To help us forecast the immediate future of these NFL neophytes, we enlisted the help of draft guru Dave-Te Thomas who has served as a scouting personnel consultant to NFL teams for multiple decades.
Today, we continue PFR’s Impact Rookie series with his insight on the Jacksonville Jaguars’ draft class:
Patience and an unlimited bank account by team ownership might just be the tickets to get the Jaguars into the playoff picture in 2016. If not, heads are certain to roll, both in the front office and on the field. The maturation of quarterback Blake Bortles, along with the emergence of receivers Allen Robinson and Allen Hurns, gives Jacksonville formidable aerial weapons. The addition of former Jets tailback Chris Ivory gives the team a solid 1-2 punch in the backfield, as the newcomer is expected to split time with T.J. Yeldon.

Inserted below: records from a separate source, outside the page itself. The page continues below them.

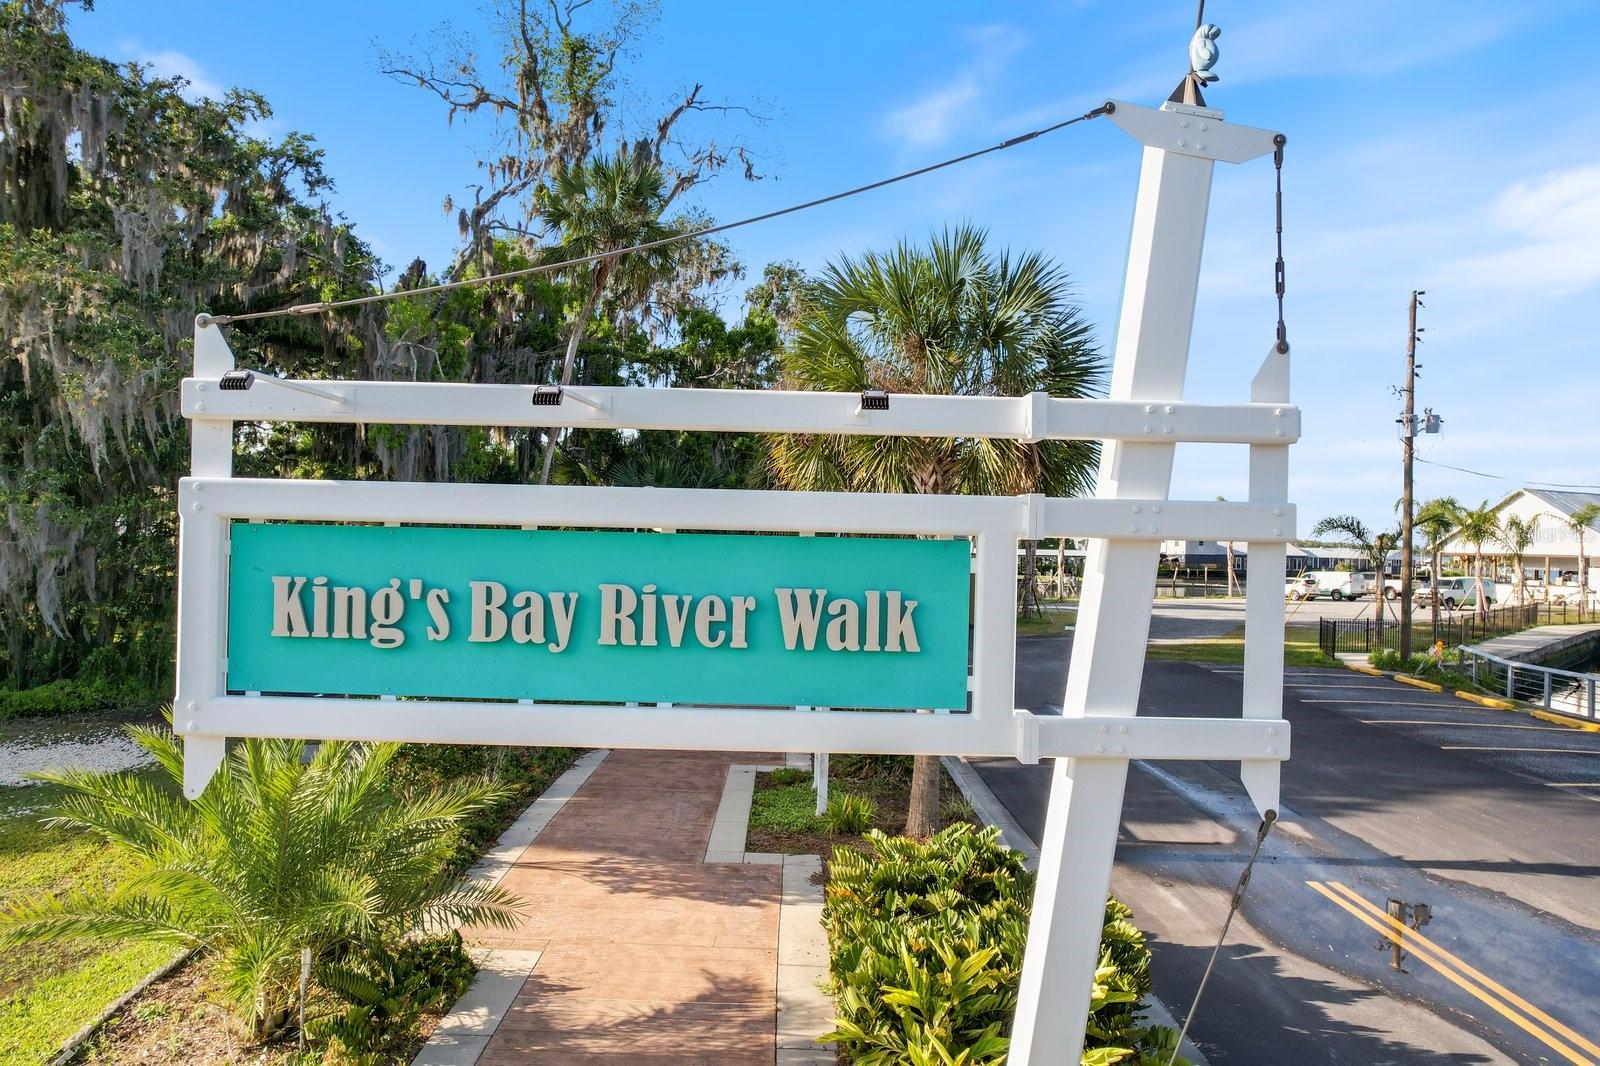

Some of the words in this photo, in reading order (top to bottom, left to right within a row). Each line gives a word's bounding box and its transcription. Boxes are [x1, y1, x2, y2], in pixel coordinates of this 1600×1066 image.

[271, 575, 450, 649] King's
[468, 581, 579, 654] Bay
[597, 584, 757, 650] River
[776, 587, 922, 654] Walk
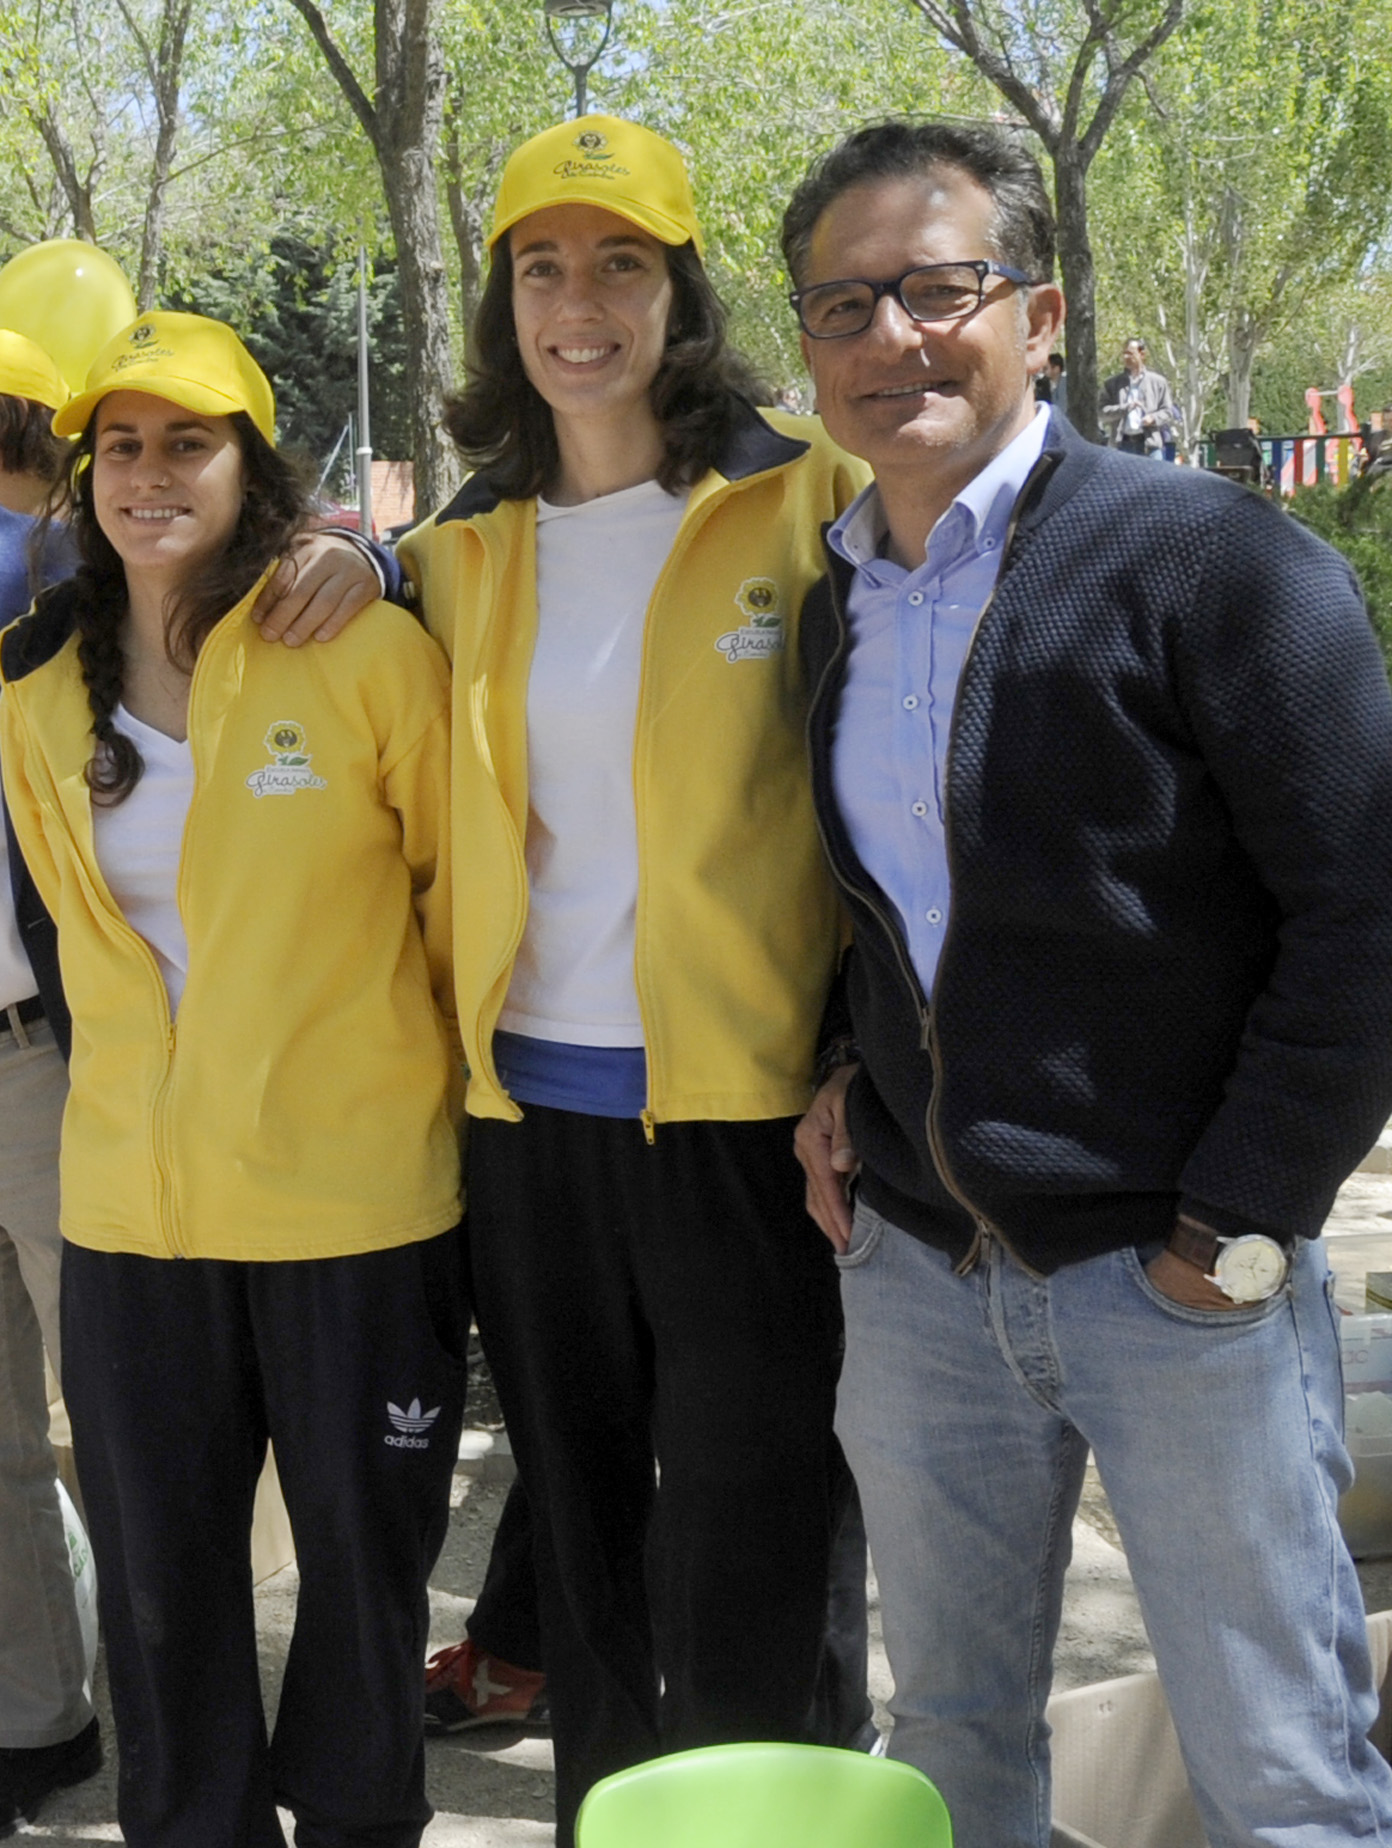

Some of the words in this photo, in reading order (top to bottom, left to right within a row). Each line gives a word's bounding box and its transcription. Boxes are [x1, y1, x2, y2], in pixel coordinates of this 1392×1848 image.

[552, 160, 631, 179] Girasoles
[245, 771, 326, 797] Girasoles
[384, 1435, 429, 1449] adidas

The defense received the bulk of the front office’s attention via the free agent market. Denver’s Malik Jackson was brought on board to join injured 2014 first-round talent Dante Fowler, drastically upgrading the team’s pass rush. Toss in free safety Tashaun Gipson leading a revamped secondary and you can see that coordinator Todd Wash had enough weapons on hand even before the cache of talent the team snatched during the draft.
Jacksonville failed to address their primary need – offensive line – spending six of their seven draft selections on defensive talent. Still, you can envision at least two future All-Pros (Jalen Ramsey and Myles Jack) to hopefully emerge from this crop. The rest of the defensive selections were taken with one task in mind – attack the pocket and get to the quarterback.
First Round – Jalen Ramsey, DB (Florida State, No. 5 overall)
The Jags wasted little time running up to the podium with Ramsey’s name on the card handed to the commissioner. Many had figured Ramsey, the best athlete in the draft, would be taken by the Chargers at No. 3 to help ease the loss of Eric Weddle. Ramsey may have slipped past the Chargers and Cowboys due to some minor knee issues and, as it turns out, that injury did pop up during Jacksonville’s rookie camp.
Still, to find Ramsey on the board with the fifth pick was a blessing. The addition of Gipson via veteran free agency will see Ramsey remain a cornerback, at least at the start of his NFL career. He’s already listed as their starting right cornerback, leaving former starters Dwayne Gratz and Aaron Colvin as caddies for Ramsey and Davon House. Both former starters will also have to contend for a roster spot, as the team also inked former Giants first rounder, Prince Amukamara, to a one-year deal. Additionally, the team seems enamored with versatile Nick Marshall, a former college passer making the conversion to the secondary.
Second Round – Myles Jack, LB (UCLA, No. 36 overall)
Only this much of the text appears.